The material facts of the case, as disclosed by the record, are,
briefly, these:
On the 16th of July, 1855, a tract of land comprising one-third
of a league was patented by Texas to Alderson, who had been a
soldier in its army. One undivided half of this tract was claimed
by D. C. Freeman and G. R. Freeman, and they brought an action
against him for their interest. The pleadings in that action are
not set forth in the transcript, but from the record of the
judgment therein, which was produced, we are informed that the
defendant was a nonresident of the state, and that the citation to
him was made by publication. There was no personal service upon
him, nor did he
Page 119 U. S. 186
appear in the action. The judgment, which was rendered on the
first of October, 1858, was of a threefold character. It first
adjudged that the plaintiffs recover one undivided half of the
described tract. It then appointed commissioners to partition and
divide the tract, and set apart, by metes and bounds, one-half
thereof, according to quantity and quality, to the plaintiffs, and
to make their report at the following term of the court. And
finally it ordered that the plaintiffs have judgment against the
defendant for all costs in the case, but stayed execution until the
report of the commissioners should be returned and adopted and a
final decree entered.
At the following term, the commissioners made a report showing
that they had divided the tract into two equal parcels. The report
was confirmed, and on the 31st of March, 1859, the court adjudged
that the title to one of these parcels was divested from Alderson,
and vested in the plaintiffs, the two Freemans, and that they
recover all costs in that behalf against him, which were $61.45,
and that execution issue therefor. Execution therefor was issued to
the Sheriff of McLennan county on the 30th of May directing him to
make the amount out of "the goods, chattels, lands, and tenements"
of the defendant. It was levied on the other half of the divided
tract, which remained the defendant's property. On the 5th of July,
1859, this half was sold by the sheriff to one James E. Head for
$66.79, being the costs mentioned, and his fees for the levy and
for his deed, which was executed to the purchaser. In September
following, Head conveyed the premises to D. C. Freeman for the
alleged consideration of $178. Two of the defendants disclaimed
having any interest.

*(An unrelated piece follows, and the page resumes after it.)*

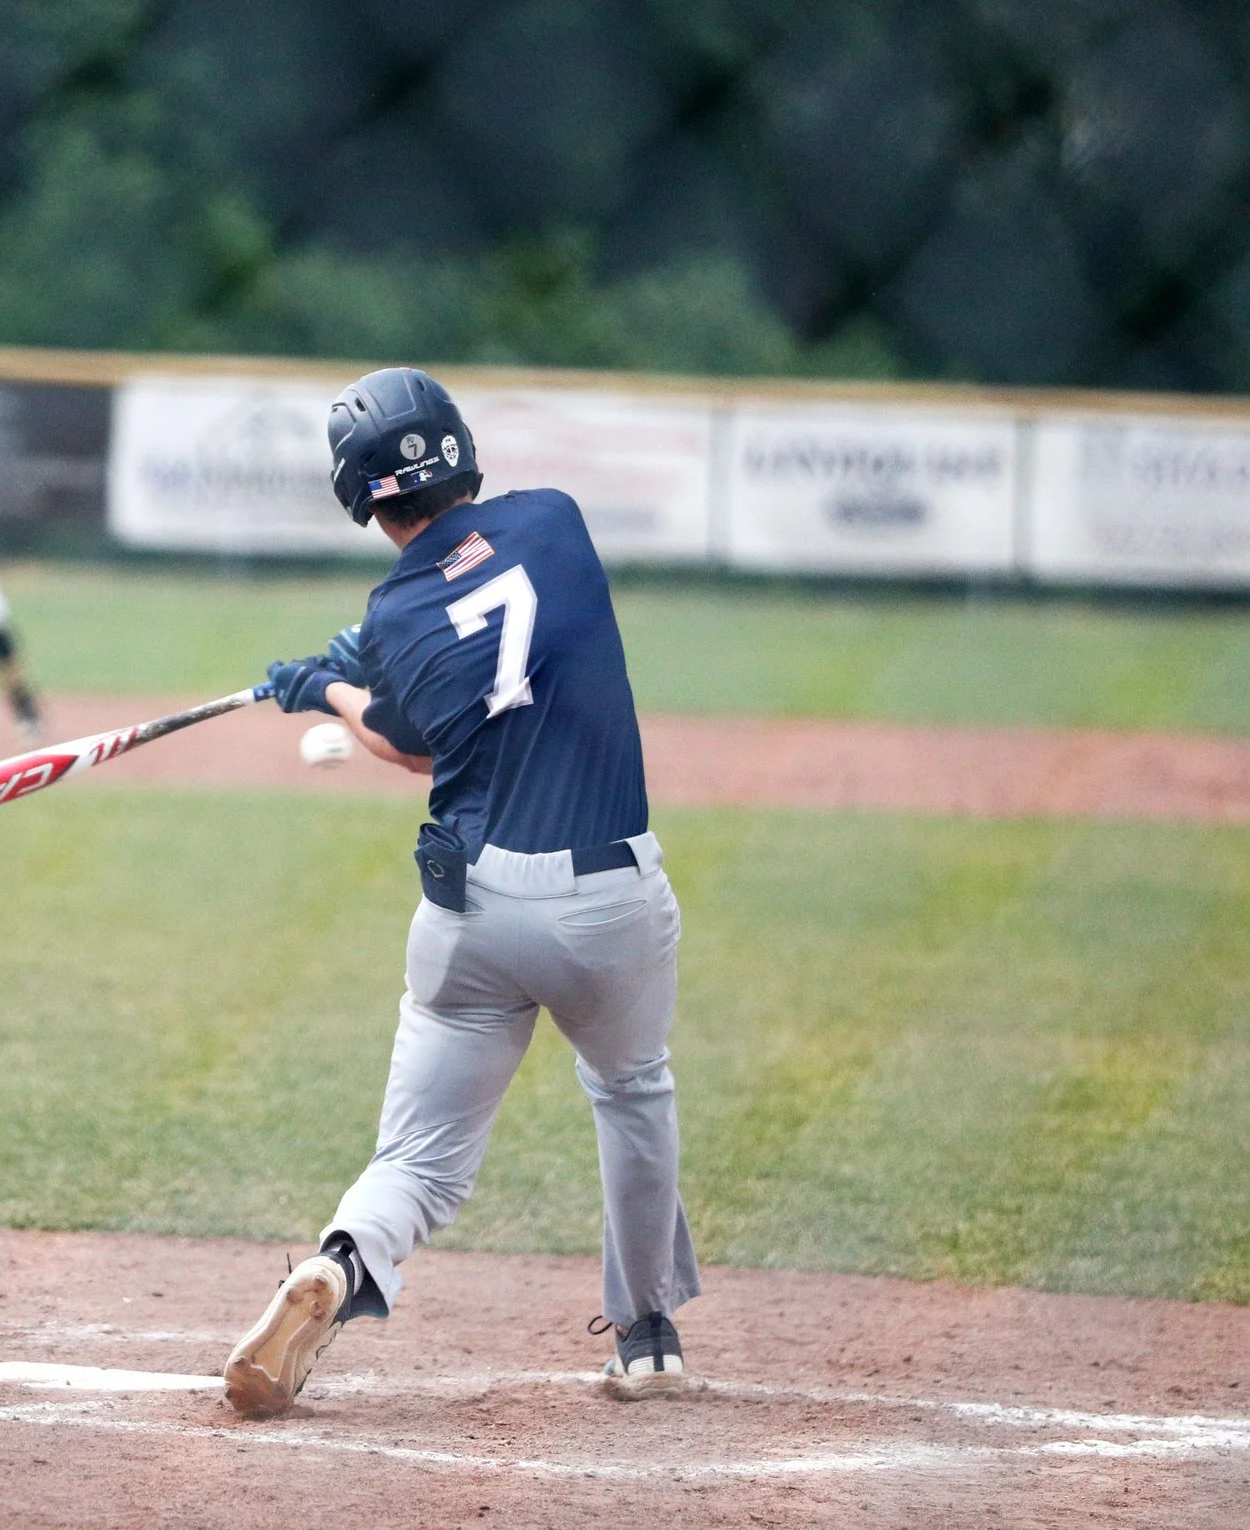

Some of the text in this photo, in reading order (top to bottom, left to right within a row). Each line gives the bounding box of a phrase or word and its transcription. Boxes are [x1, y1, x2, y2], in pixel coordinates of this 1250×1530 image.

[408, 443, 417, 457] 7
[394, 456, 440, 476] RAWLINGS
[445, 564, 538, 719] 7

The other defendants, including Freeman, so
far as their title is disclosed by the transcript, claimed under
the sheriff's deed.
On the trial, the defendants, to show title out of the
plaintiffs, offered in evidence the judgment for the costs, the
execution issued thereon, and the sheriff's deed; to the
introduction of which the plaintiffs objected on the ground that
the judgment for costs was a judgment
in personam, and not
in rem, and was rendered against the defendant, who was a
nonresident of the state, without his appearance in the action or
personal
Page 119 U. S. 187
service of citation upon him, but upon a citation by publication
only, and therefore constituted no basis of title in the purchaser
under the execution. The court sustained the objection and excluded
the documents from the jury, and the defendants excepted to the
ruling. No other evidence of title being produced by the
defendants, a verdict was found for the plaintiffs and judgment in
their favor was entered thereon, to review which the case is
brought to this Court on a writ of error.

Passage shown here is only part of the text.